Extract every line between the one with "Some of the words" and the end of the entries, both included, word for word and free of pictures.

● **Materials provided**

↓

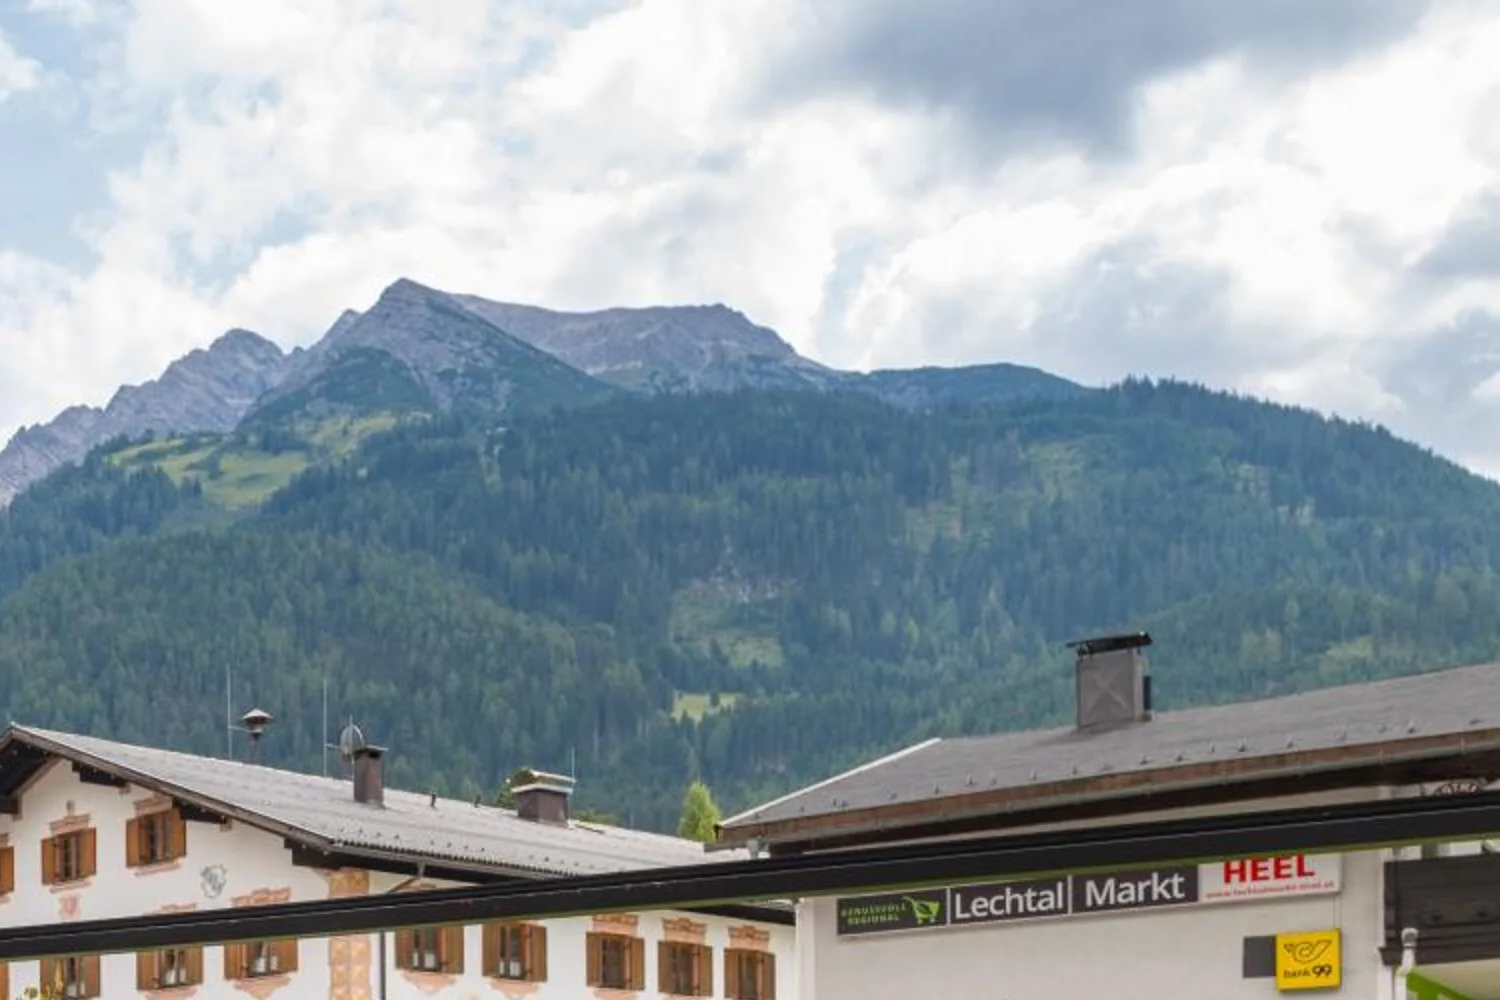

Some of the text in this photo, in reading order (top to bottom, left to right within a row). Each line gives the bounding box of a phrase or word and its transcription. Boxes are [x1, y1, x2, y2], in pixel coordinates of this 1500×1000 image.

[1223, 853, 1315, 885] HEEL
[955, 872, 1185, 919] Lechtal Markt
[1312, 963, 1333, 978] 99
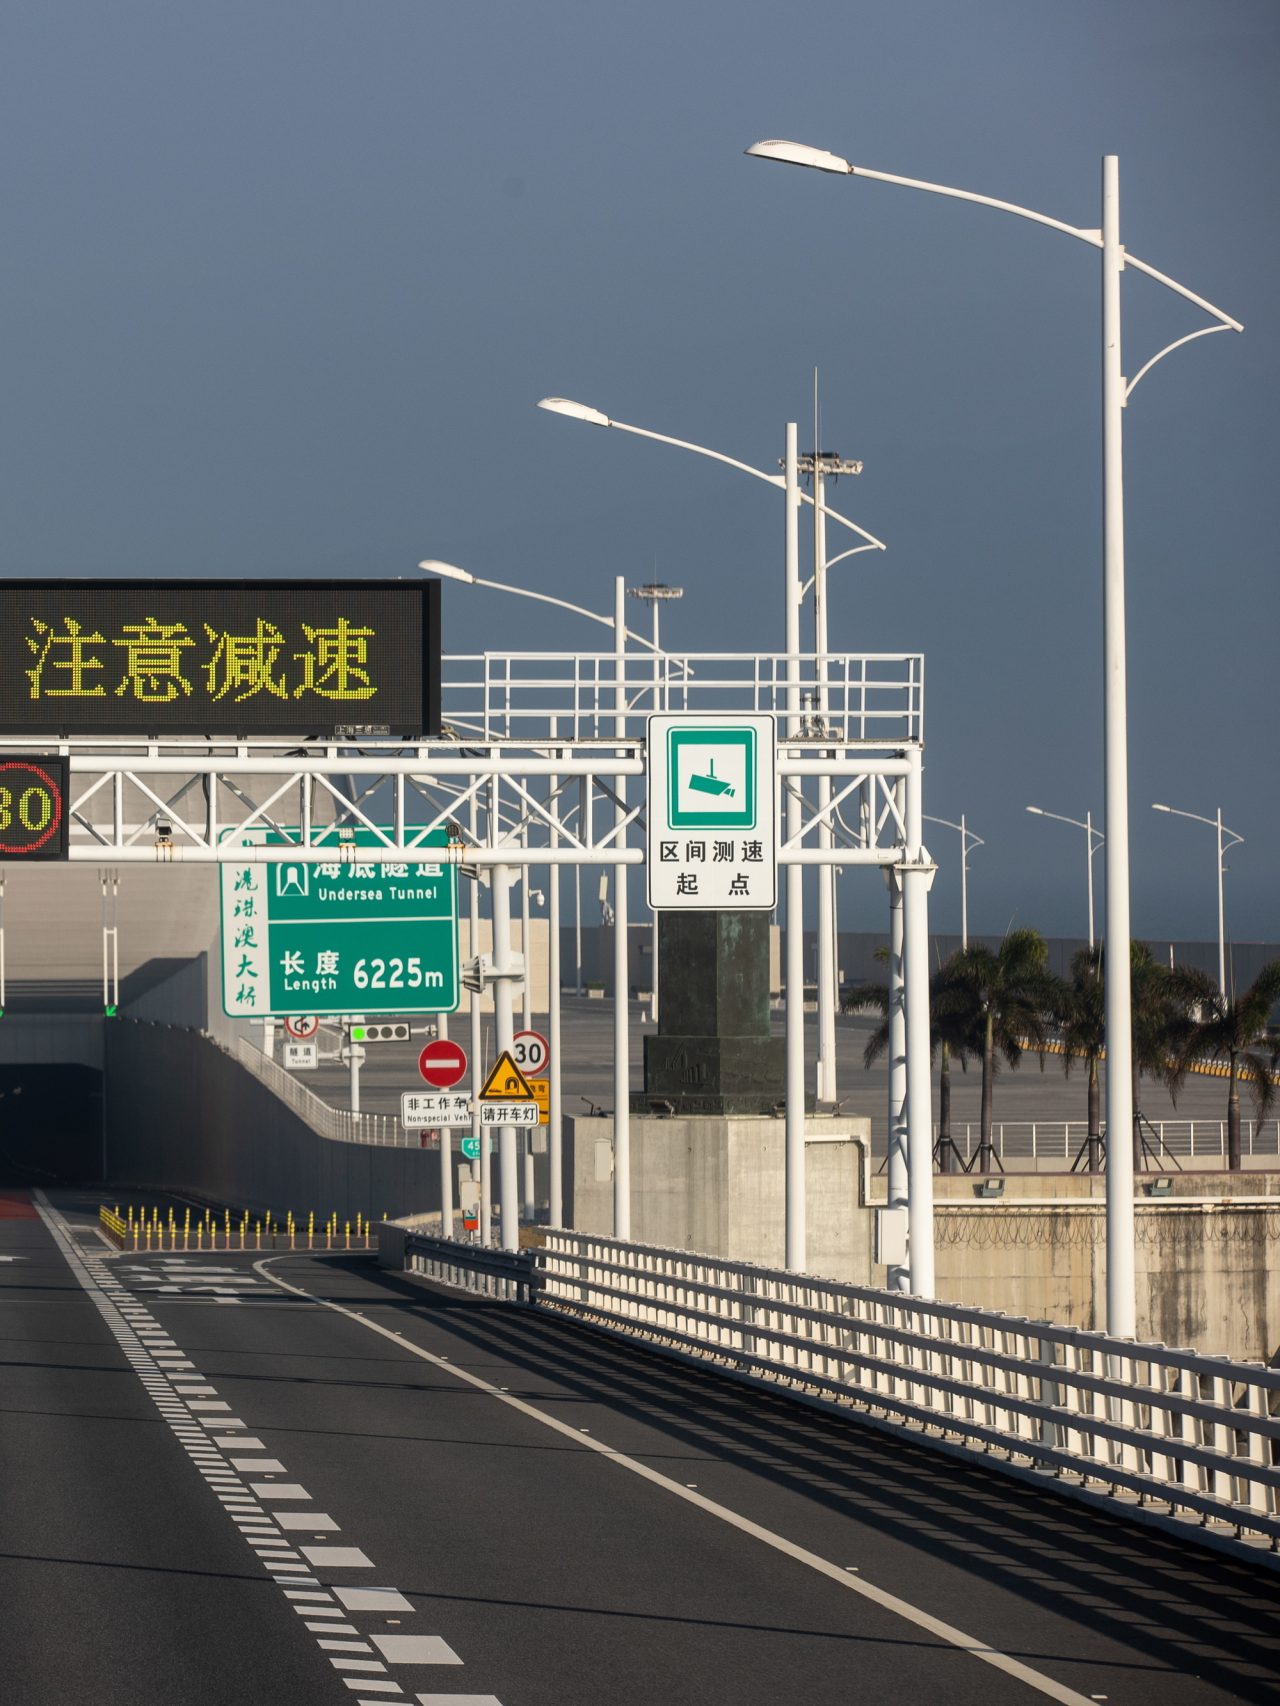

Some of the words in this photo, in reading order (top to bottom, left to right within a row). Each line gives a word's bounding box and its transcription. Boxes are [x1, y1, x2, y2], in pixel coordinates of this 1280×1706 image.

[25, 616, 378, 702] 注意减速
[659, 839, 764, 863] 区间测速
[318, 887, 383, 901] Undersea
[389, 886, 437, 900] Tunnel
[676, 872, 750, 896] 起点
[233, 866, 259, 1008] 港珠澳大桥
[279, 949, 340, 976] 长度
[353, 957, 444, 989] 6225m
[284, 977, 337, 994] Length
[514, 1043, 542, 1064] 30
[483, 1107, 536, 1122] 请开车灯
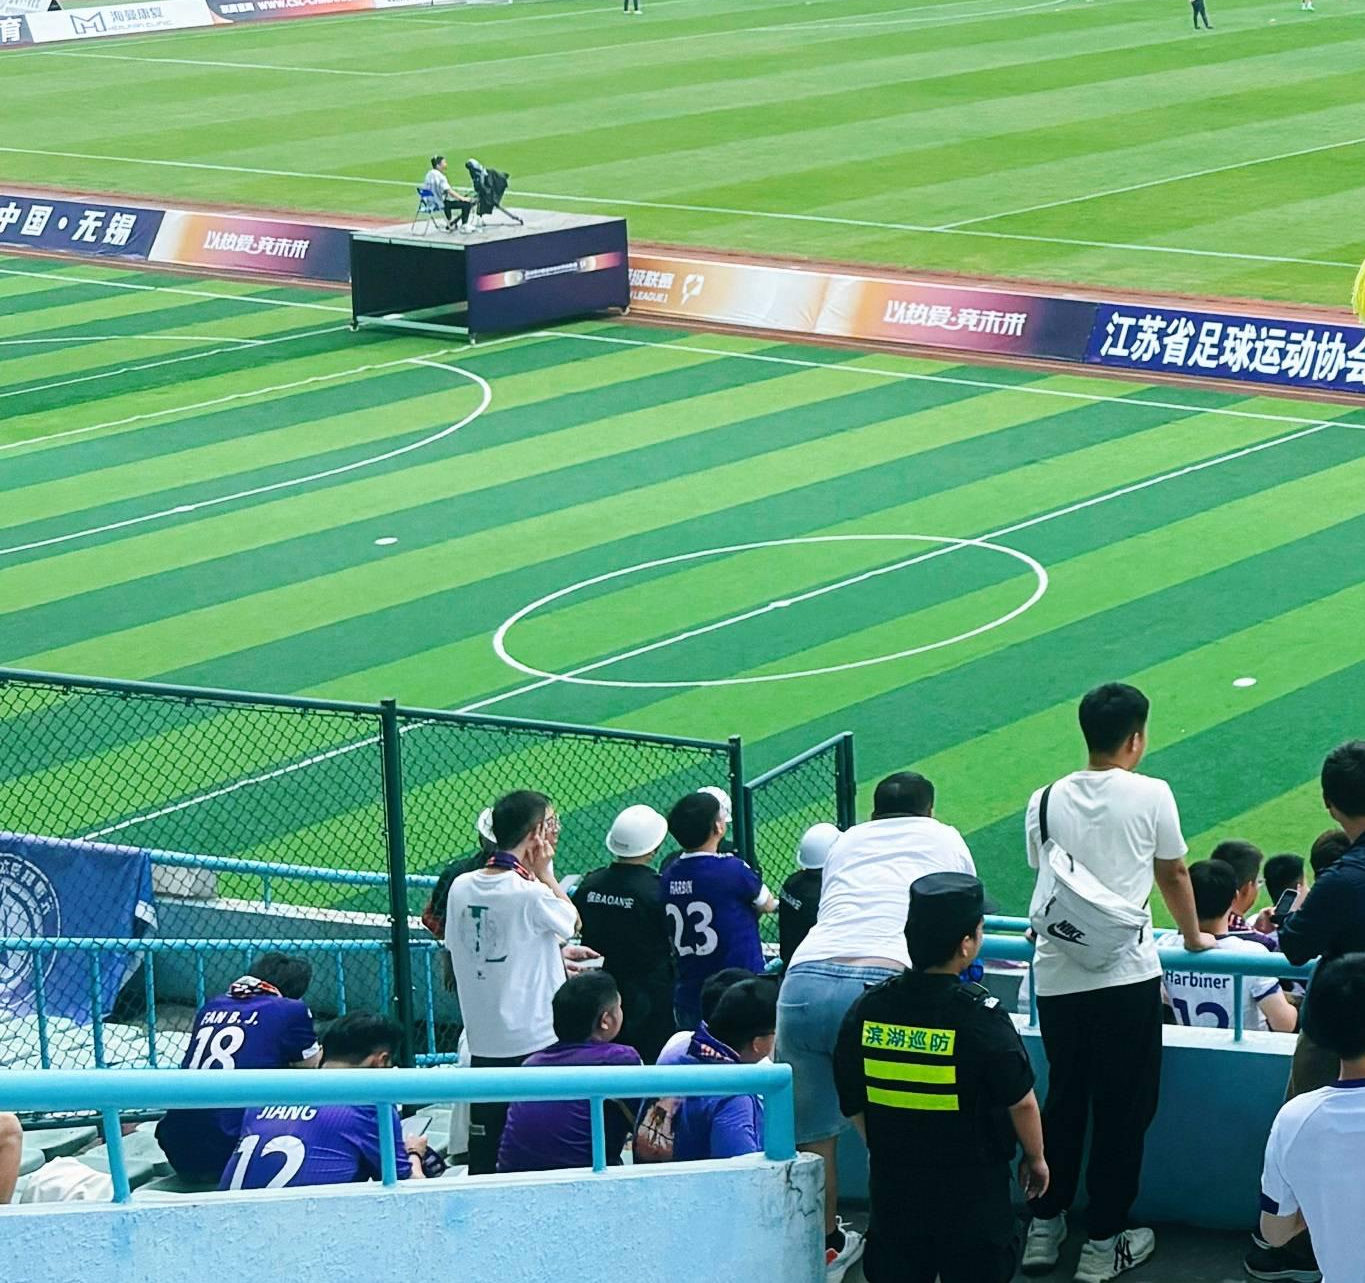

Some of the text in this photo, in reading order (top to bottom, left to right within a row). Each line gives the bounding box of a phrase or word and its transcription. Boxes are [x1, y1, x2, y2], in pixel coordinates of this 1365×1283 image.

[665, 901, 719, 956] 23
[1056, 919, 1087, 942] NIKE
[200, 1011, 228, 1025] FAN
[244, 1012, 259, 1026] J.
[189, 1026, 245, 1070] 18
[865, 1025, 951, 1052] 滨湖巡防
[256, 1105, 318, 1121] JIANG
[229, 1134, 306, 1191] 12
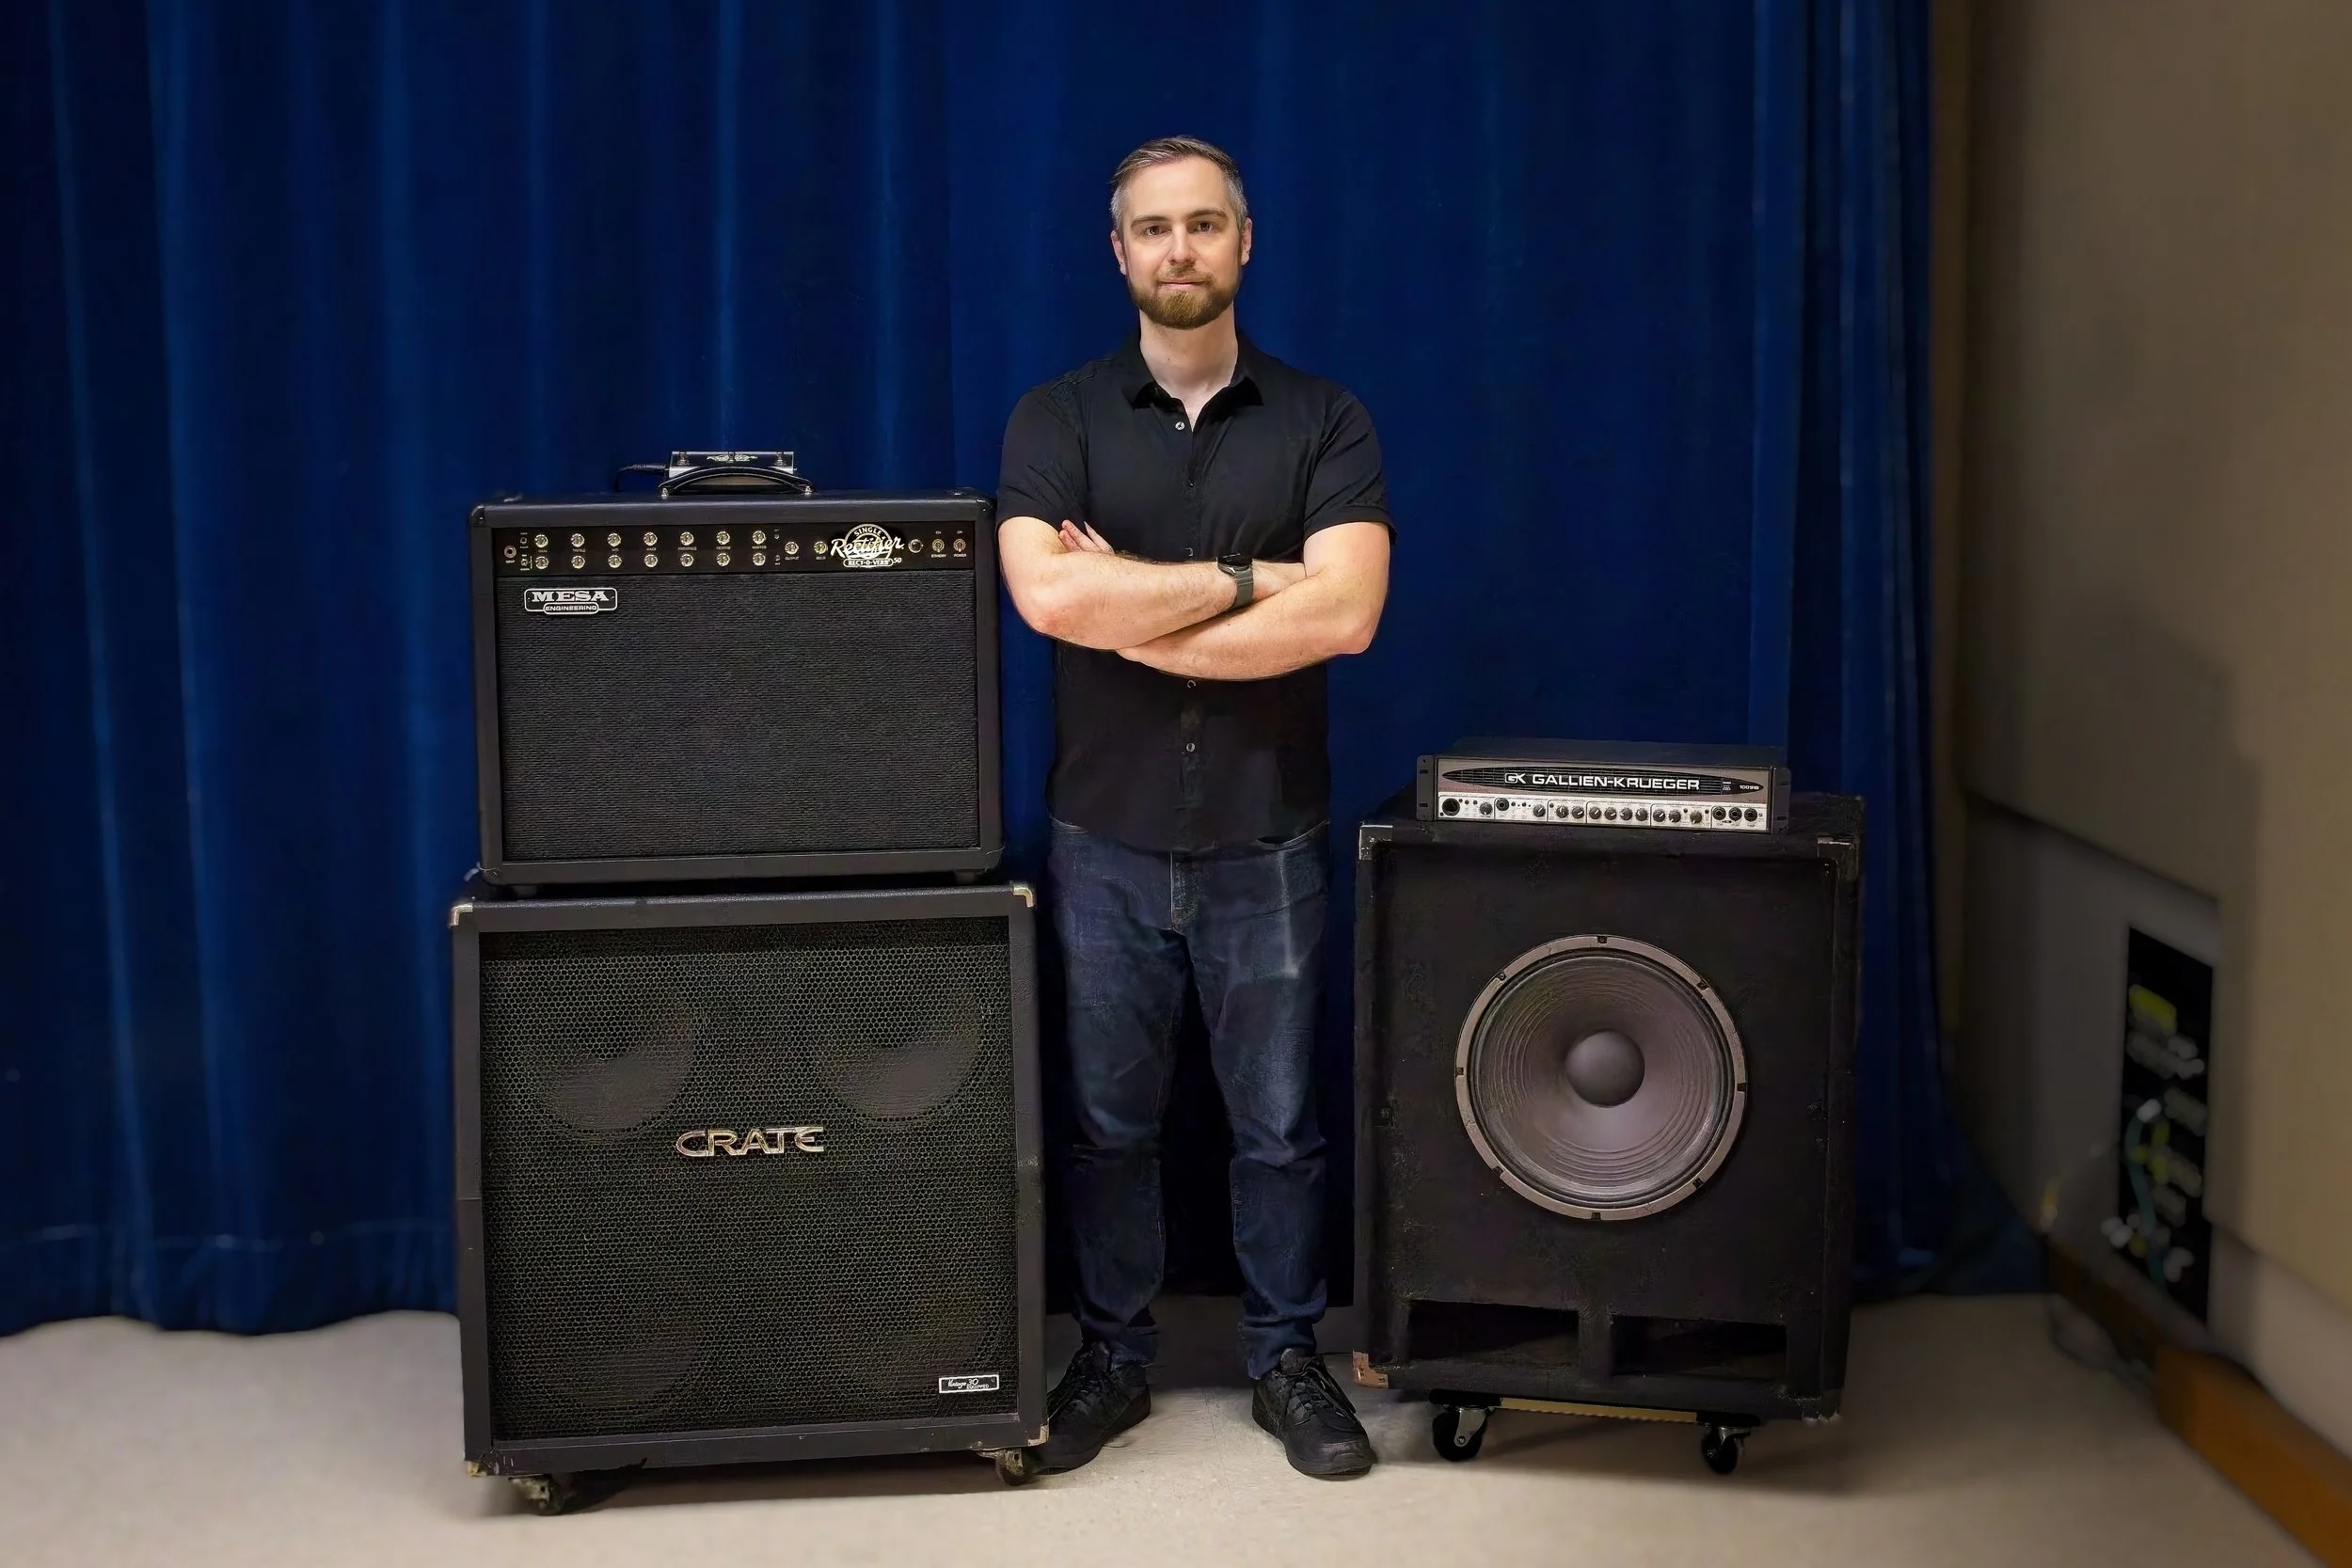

↑

● **Exercise result**
Some of the words in this photo, in reading order (top to bottom, left to right within a row). Each line gives a word's bounding box and its transcription. Boxes are [x1, y1, x2, y2], in pixel coordinates of this 1280×1706 image.

[25, 616, 378, 702] 注意减速
[659, 839, 764, 863] 区间测速
[318, 887, 383, 901] Undersea
[389, 886, 437, 900] Tunnel
[676, 872, 750, 896] 起点
[233, 866, 259, 1008] 港珠澳大桥
[279, 949, 340, 976] 长度
[353, 957, 444, 989] 6225m
[284, 977, 337, 994] Length
[514, 1043, 542, 1064] 30
[483, 1107, 536, 1122] 请开车灯

Some of the text in this photo, in reading order (top to bottom, left to right within a row). Each line gives the bounding box of a phrase or word and its transcription. Boxes are [x1, y1, x2, y2], in pixel coordinates of this 1365×1283 image.

[665, 901, 719, 956] 23
[1056, 919, 1087, 942] NIKE
[200, 1011, 228, 1025] FAN
[244, 1012, 259, 1026] J.
[189, 1026, 245, 1070] 18
[865, 1025, 951, 1052] 滨湖巡防
[256, 1105, 318, 1121] JIANG
[229, 1134, 306, 1191] 12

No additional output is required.